Parsers are not required to return any particular number of characters at one time. A parser can return anything from a single character at a time up to several thousand and still be a standard-conforming implementation. So if your application needs to process the characters it sees, it is wise to have the characters()
method accumulate the characters in a java.lang.StringBuffer
and operate on them only when you are sure that all of them have been found.

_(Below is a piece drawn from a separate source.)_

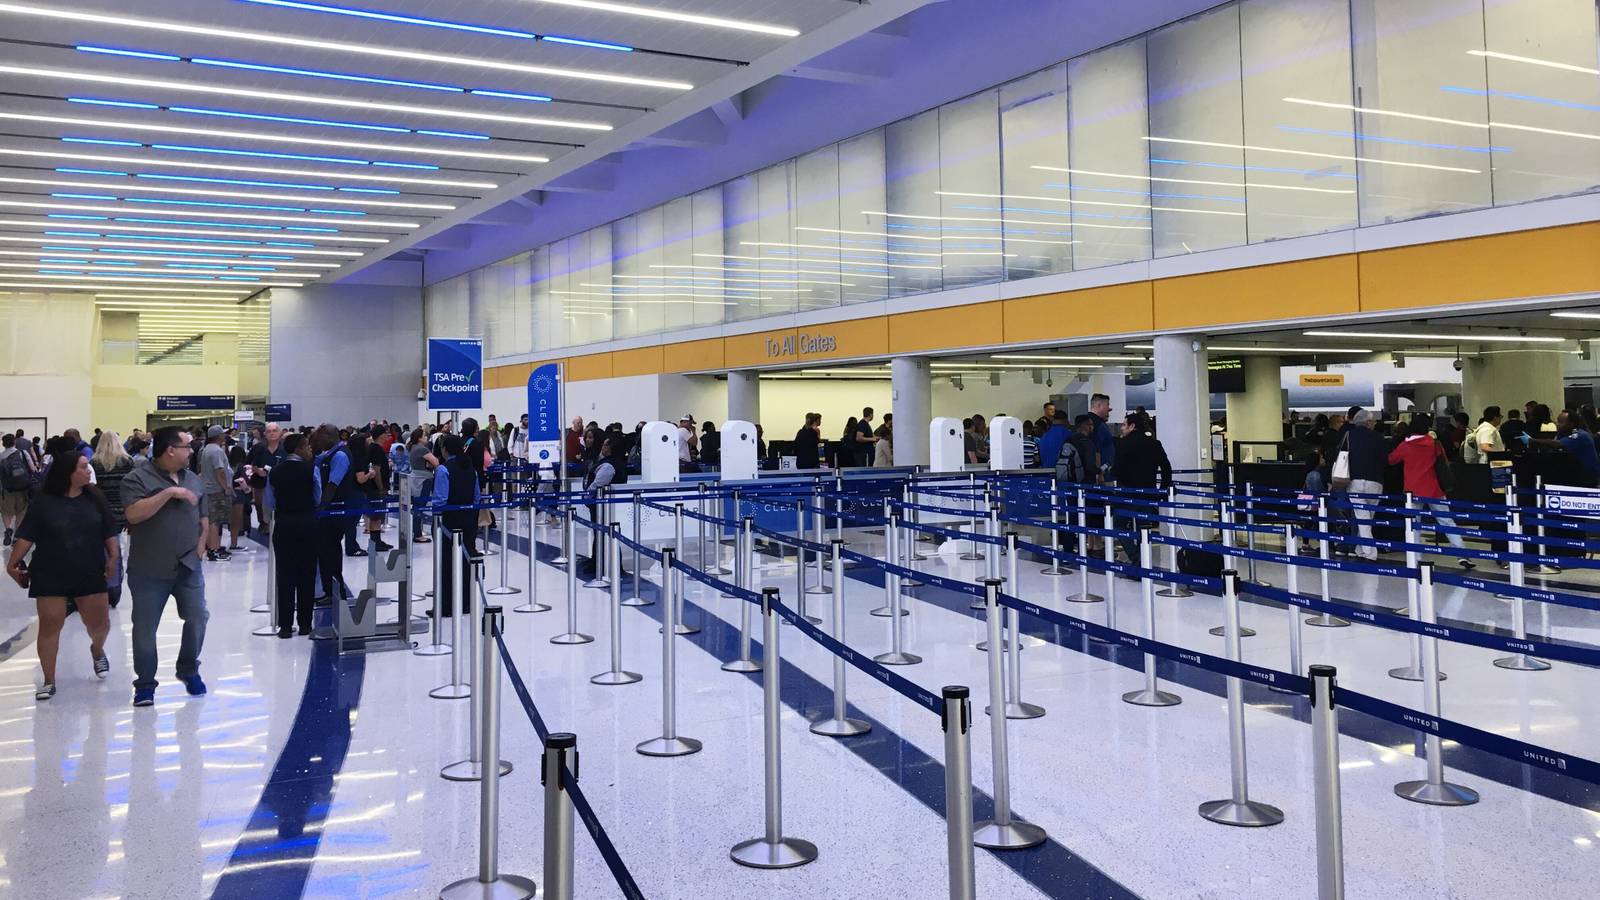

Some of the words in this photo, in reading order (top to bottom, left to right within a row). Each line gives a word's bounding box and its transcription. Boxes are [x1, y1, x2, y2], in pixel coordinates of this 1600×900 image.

You finish parsing text when an element ends, so you normally perform your character processing at that point. But you might also want to process text when an element starts. This is necessary for document-style data, which can contain XML elements that are intermixed with text. For example, consider this document fragment:
<para>This paragraph contains
<bold>important
</bold> ideas.
</para>
The initial text, This paragraph contains
, is terminated by the start of the <bold>
element. The text important
is terminated by the end tag, </bold>
, and the final text, ideas.
, is terminated by the end tag, </para>
.
To be strictly accurate, the character handler should scan for ampersand characters (&) and left-angle bracket characters (<) and replace them with the strings &
or <
, as appropriate. This is explained in the next section.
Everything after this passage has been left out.